Image-backed grounding data
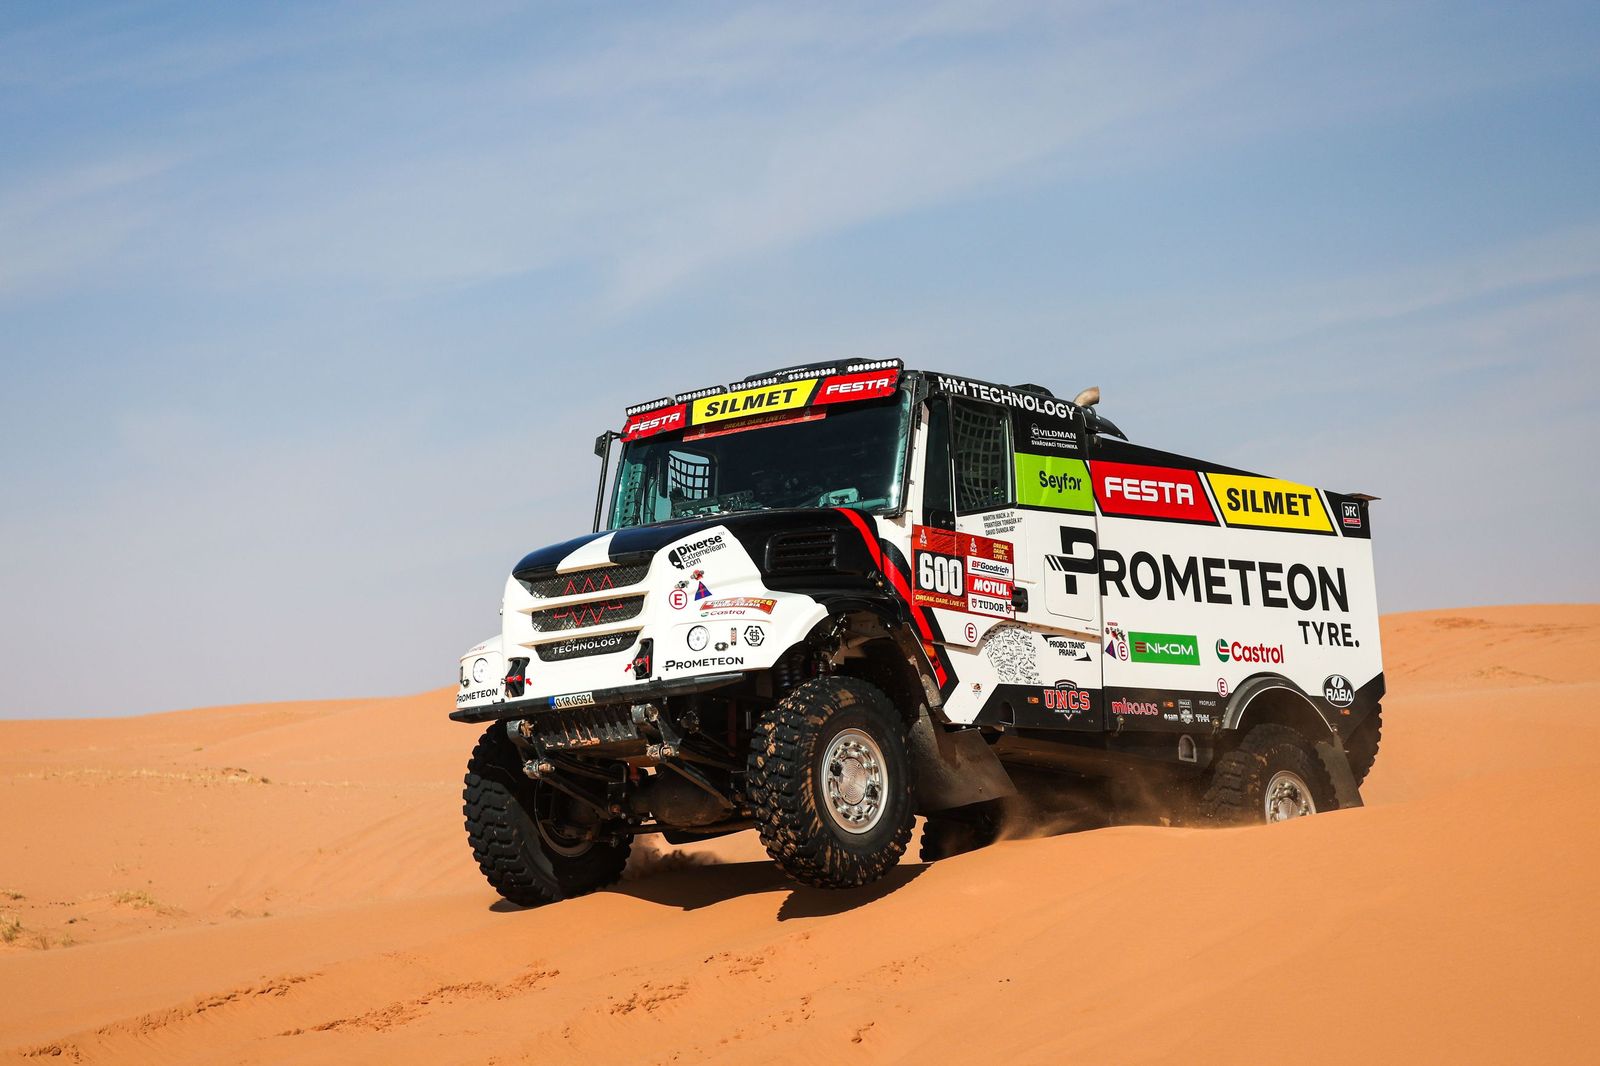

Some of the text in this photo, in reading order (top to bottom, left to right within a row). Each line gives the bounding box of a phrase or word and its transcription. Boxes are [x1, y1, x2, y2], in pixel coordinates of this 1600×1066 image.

[825, 377, 889, 395] FESTA
[705, 388, 797, 417] SILMET
[938, 376, 1075, 420] MM TECHNOLOGY
[628, 412, 681, 433] FESTA
[1039, 429, 1077, 439] VILDMAN
[1039, 470, 1082, 493] Seyfor
[1104, 476, 1194, 505] FESTA
[1227, 487, 1312, 517] SILMET
[676, 535, 723, 556] Diverse
[681, 542, 727, 563] ExtremeTeam
[685, 557, 702, 569] .com
[971, 560, 1010, 575] BFGoodrich
[1045, 526, 1350, 613] PROMETEON
[919, 552, 964, 597] 600
[973, 578, 1010, 596] MOTUL
[915, 594, 936, 603] DREAM.
[978, 599, 1005, 612] TUDOR
[1297, 620, 1361, 648] TYRE.
[553, 637, 623, 655] TECHNOLOGY
[1049, 640, 1086, 650] PROBO TRANS
[1058, 649, 1077, 657] PRAHA
[1134, 641, 1194, 656] ENKOM
[1231, 641, 1285, 664] Castrol
[662, 656, 744, 671] PROMETEON
[1043, 689, 1091, 711] UNCS
[1111, 697, 1159, 716] miROADS

*Problem requirements*
What is wanted is a verbatim transcription of every record above, pictures excluded.

*Answer below*
Some of the text in this photo, in reading order (top to bottom, left to right within a row). Each line gives the bounding box of a phrase or word and its transcription. Boxes are [x1, y1, x2, y2], in pixel coordinates of this 1600×1066 image.

[825, 377, 889, 395] FESTA
[705, 388, 797, 417] SILMET
[938, 376, 1075, 420] MM TECHNOLOGY
[628, 412, 681, 433] FESTA
[1039, 429, 1077, 439] VILDMAN
[1039, 470, 1082, 493] Seyfor
[1104, 476, 1194, 505] FESTA
[1227, 487, 1312, 517] SILMET
[676, 535, 723, 556] Diverse
[681, 542, 727, 563] ExtremeTeam
[685, 557, 702, 569] .com
[971, 560, 1010, 575] BFGoodrich
[1045, 526, 1350, 613] PROMETEON
[919, 552, 964, 597] 600
[973, 578, 1010, 596] MOTUL
[915, 594, 936, 603] DREAM.
[978, 599, 1005, 612] TUDOR
[1297, 620, 1361, 648] TYRE.
[553, 637, 623, 655] TECHNOLOGY
[1049, 640, 1086, 650] PROBO TRANS
[1058, 649, 1077, 657] PRAHA
[1134, 641, 1194, 656] ENKOM
[1231, 641, 1285, 664] Castrol
[662, 656, 744, 671] PROMETEON
[1043, 689, 1091, 711] UNCS
[1111, 697, 1159, 716] miROADS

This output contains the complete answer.